Directions: An exact copy of the records below is needed, with every picture left out.

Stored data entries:
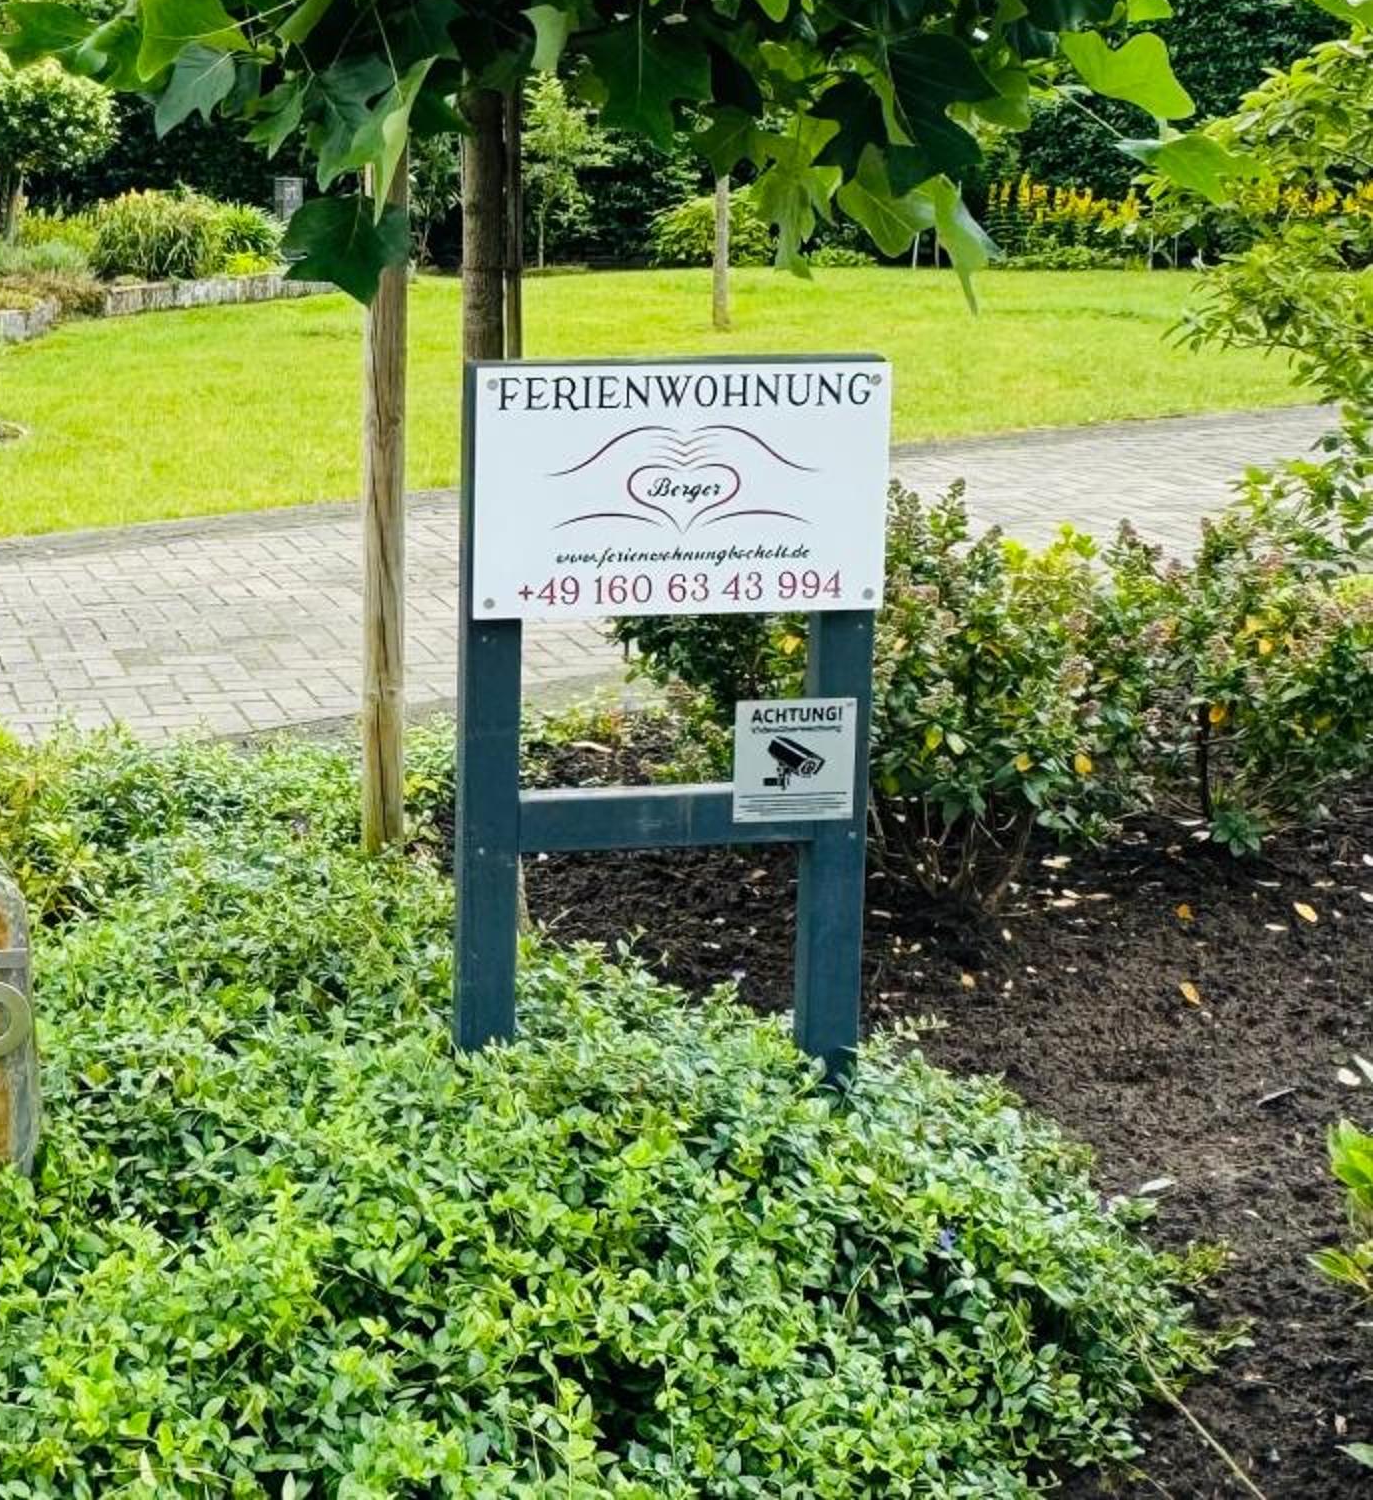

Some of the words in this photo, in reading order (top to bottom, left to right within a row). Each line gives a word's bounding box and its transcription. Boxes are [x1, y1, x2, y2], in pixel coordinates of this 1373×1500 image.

[498, 373, 871, 411] FERIENWOHNUNG
[647, 477, 723, 502] Berger
[518, 576, 580, 606] +49
[594, 574, 653, 604] 160
[668, 573, 710, 603] 63
[722, 571, 763, 601] 43
[777, 569, 842, 599] 994
[752, 706, 843, 724] ACHTUNG!
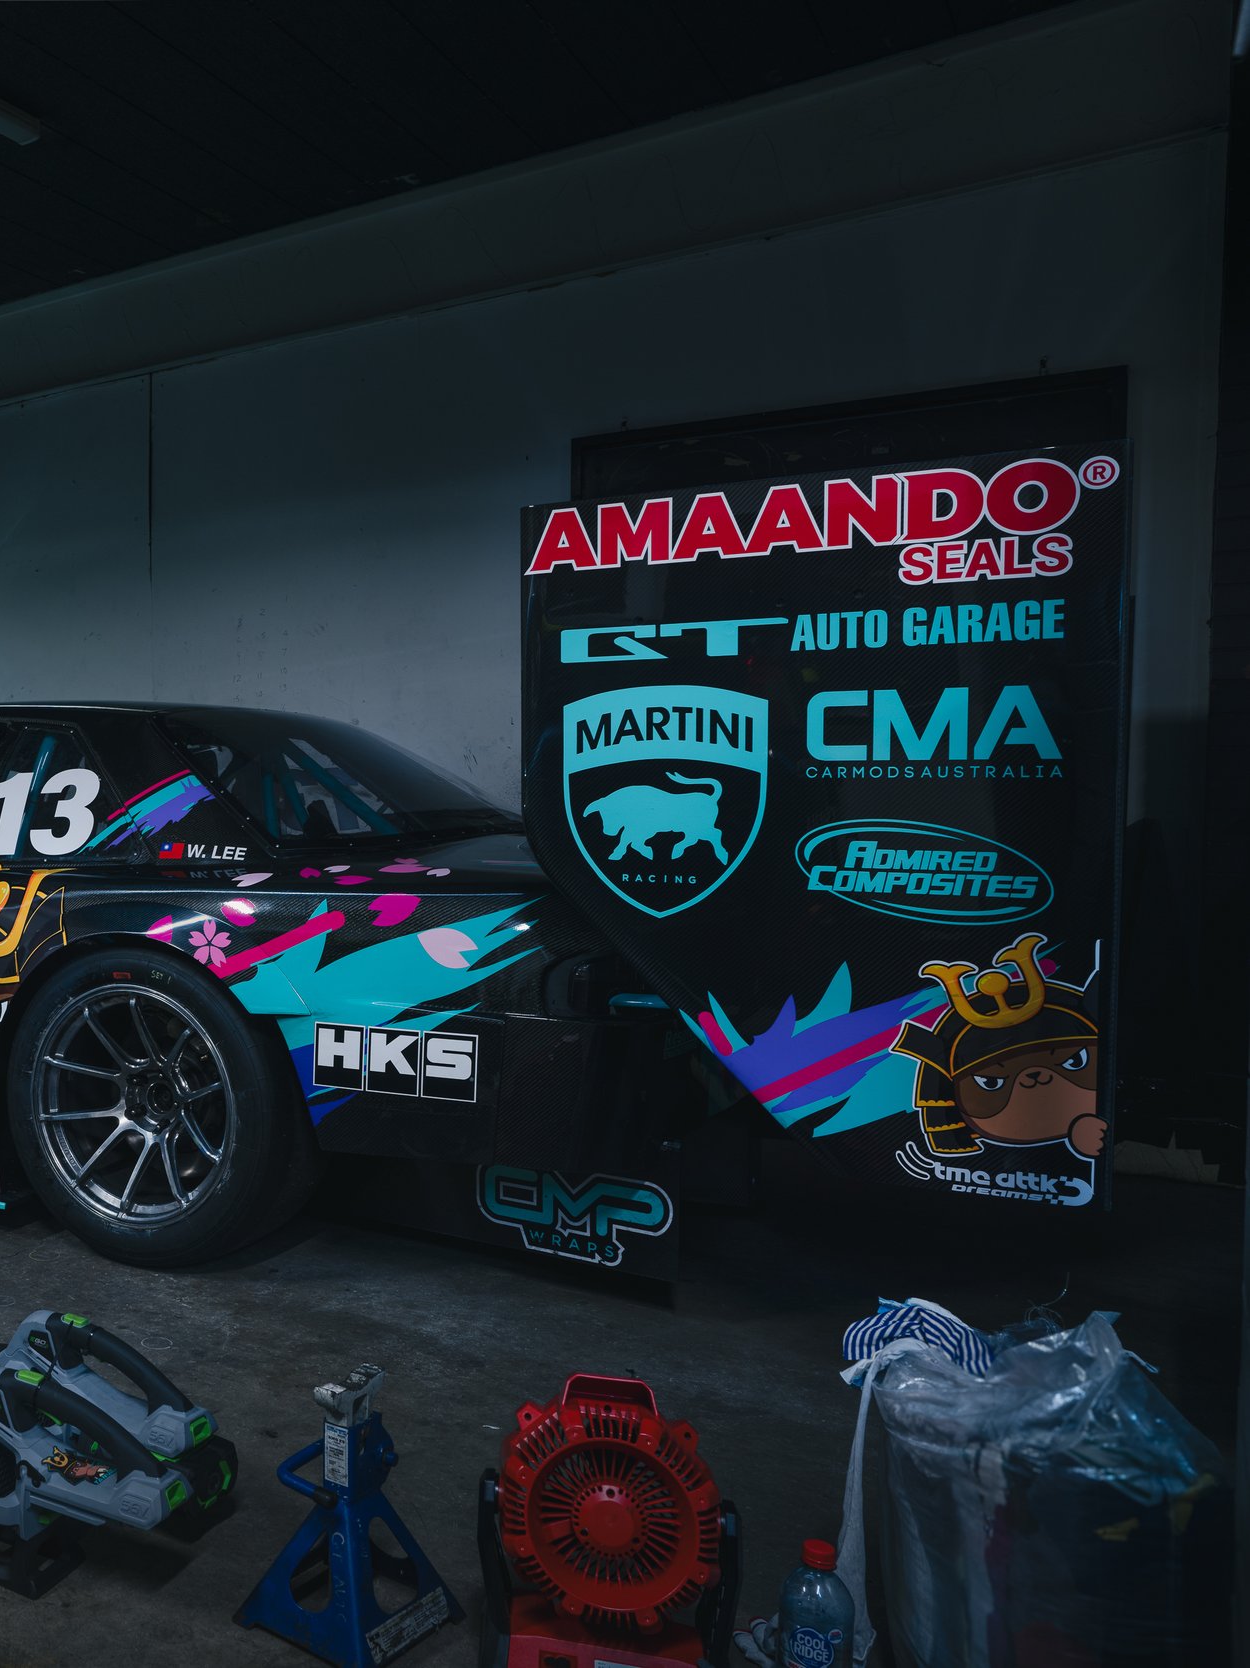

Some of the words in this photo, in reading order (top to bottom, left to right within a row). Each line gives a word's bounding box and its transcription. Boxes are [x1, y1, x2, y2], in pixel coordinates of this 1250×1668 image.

[525, 458, 1080, 575] AMAANDO
[898, 533, 1073, 585] SEALS
[560, 617, 789, 663] GT
[790, 608, 888, 652] AUTO
[901, 599, 1065, 645] GARAGE
[576, 706, 754, 755] MARTINI
[806, 685, 1063, 761] CMA
[805, 765, 1064, 780] CARMODSAUSTRALIA
[187, 843, 206, 859] W.
[211, 845, 248, 861] LEE
[844, 840, 999, 872] ADMIRED
[622, 873, 697, 885] RACING
[807, 865, 1039, 899] COMPOSITES
[318, 1027, 474, 1081] HKS
[484, 1164, 666, 1237] CMP
[529, 1229, 615, 1258] WRAPS
[793, 1641, 830, 1663] RIDGE
[796, 1633, 828, 1652] COOL
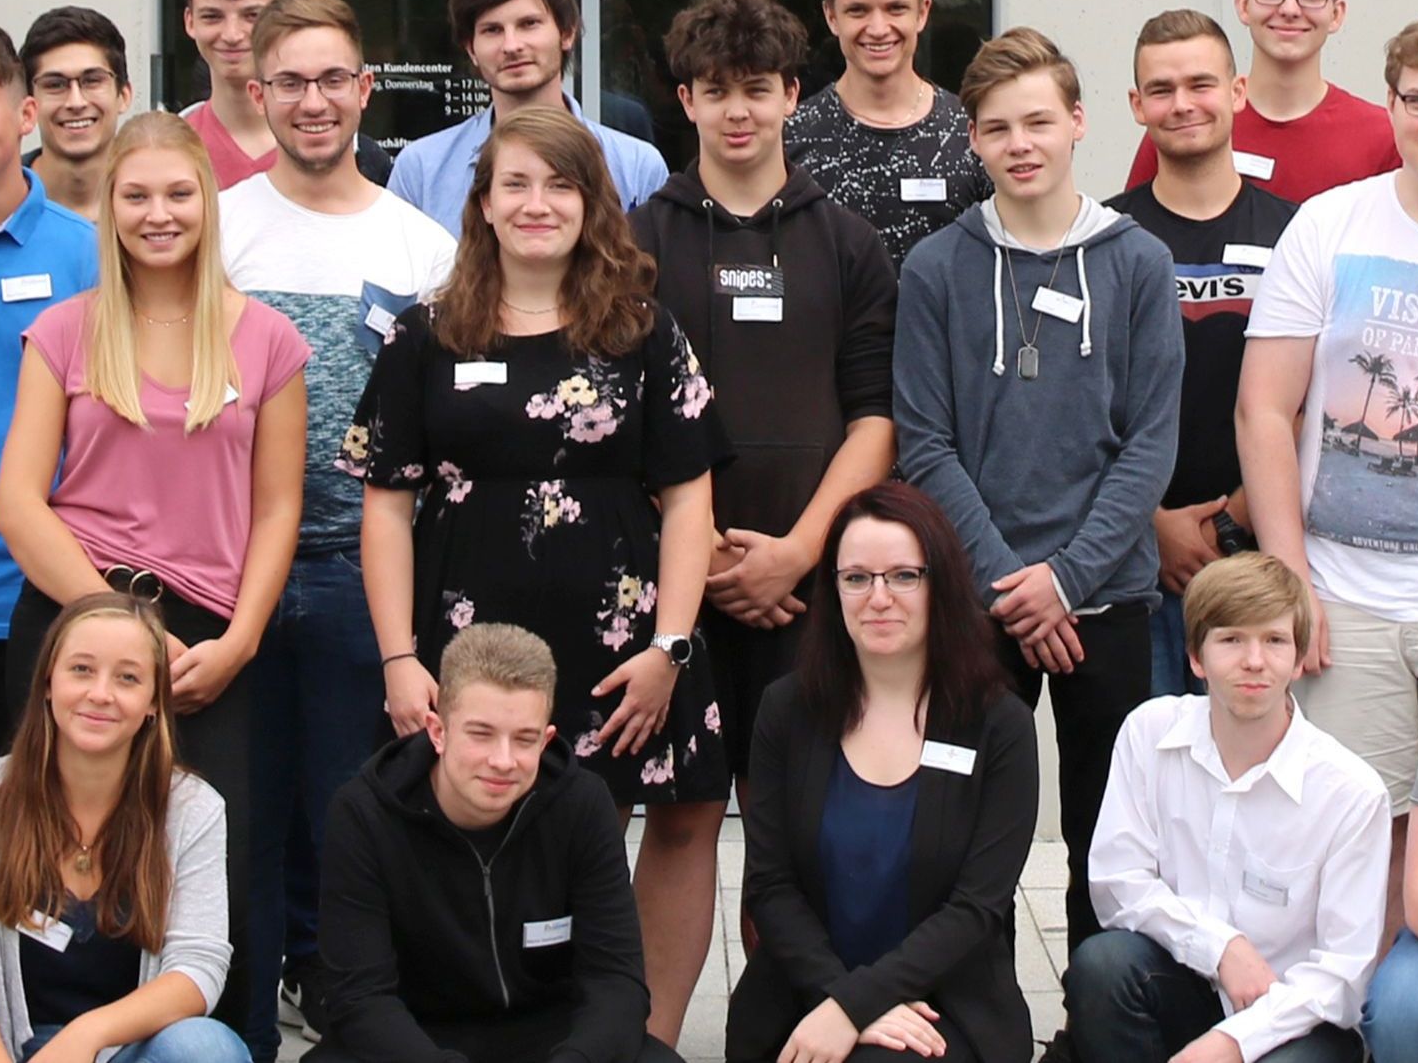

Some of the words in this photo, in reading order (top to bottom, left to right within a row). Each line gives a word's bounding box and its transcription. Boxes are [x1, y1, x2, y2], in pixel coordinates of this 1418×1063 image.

Written answer:
Some of the words in this photo, in reading order (top to bottom, left to right within a row). Each line gives a word's bounding box and its transcription. Boxes are [x1, y1, x2, y2], in pixel coordinates of this 1373×1500 image.

[498, 373, 871, 411] FERIENWOHNUNG
[647, 477, 723, 502] Berger
[518, 576, 580, 606] +49
[594, 574, 653, 604] 160
[668, 573, 710, 603] 63
[722, 571, 763, 601] 43
[777, 569, 842, 599] 994
[752, 706, 843, 724] ACHTUNG!

Some of the words in this photo, in reading order (top to bottom, left to right within a row). Each line gives a word's bounding box and its transcription. Boxes are [x1, y1, x2, y2], in pixel coordinates of this 1250×1668 image.

[525, 458, 1080, 575] AMAANDO
[898, 533, 1073, 585] SEALS
[560, 617, 789, 663] GT
[790, 608, 888, 652] AUTO
[901, 599, 1065, 645] GARAGE
[576, 706, 754, 755] MARTINI
[806, 685, 1063, 761] CMA
[805, 765, 1064, 780] CARMODSAUSTRALIA
[187, 843, 206, 859] W.
[211, 845, 248, 861] LEE
[844, 840, 999, 872] ADMIRED
[622, 873, 697, 885] RACING
[807, 865, 1039, 899] COMPOSITES
[318, 1027, 474, 1081] HKS
[484, 1164, 666, 1237] CMP
[529, 1229, 615, 1258] WRAPS
[793, 1641, 830, 1663] RIDGE
[796, 1633, 828, 1652] COOL

Some of the words in this photo, in reading order (top to bottom, left to right within a row). Each line gives a word's bounding box and its transcription. Boxes are [x1, y1, x2, y2], in pixel coordinates of this 1418×1063 image.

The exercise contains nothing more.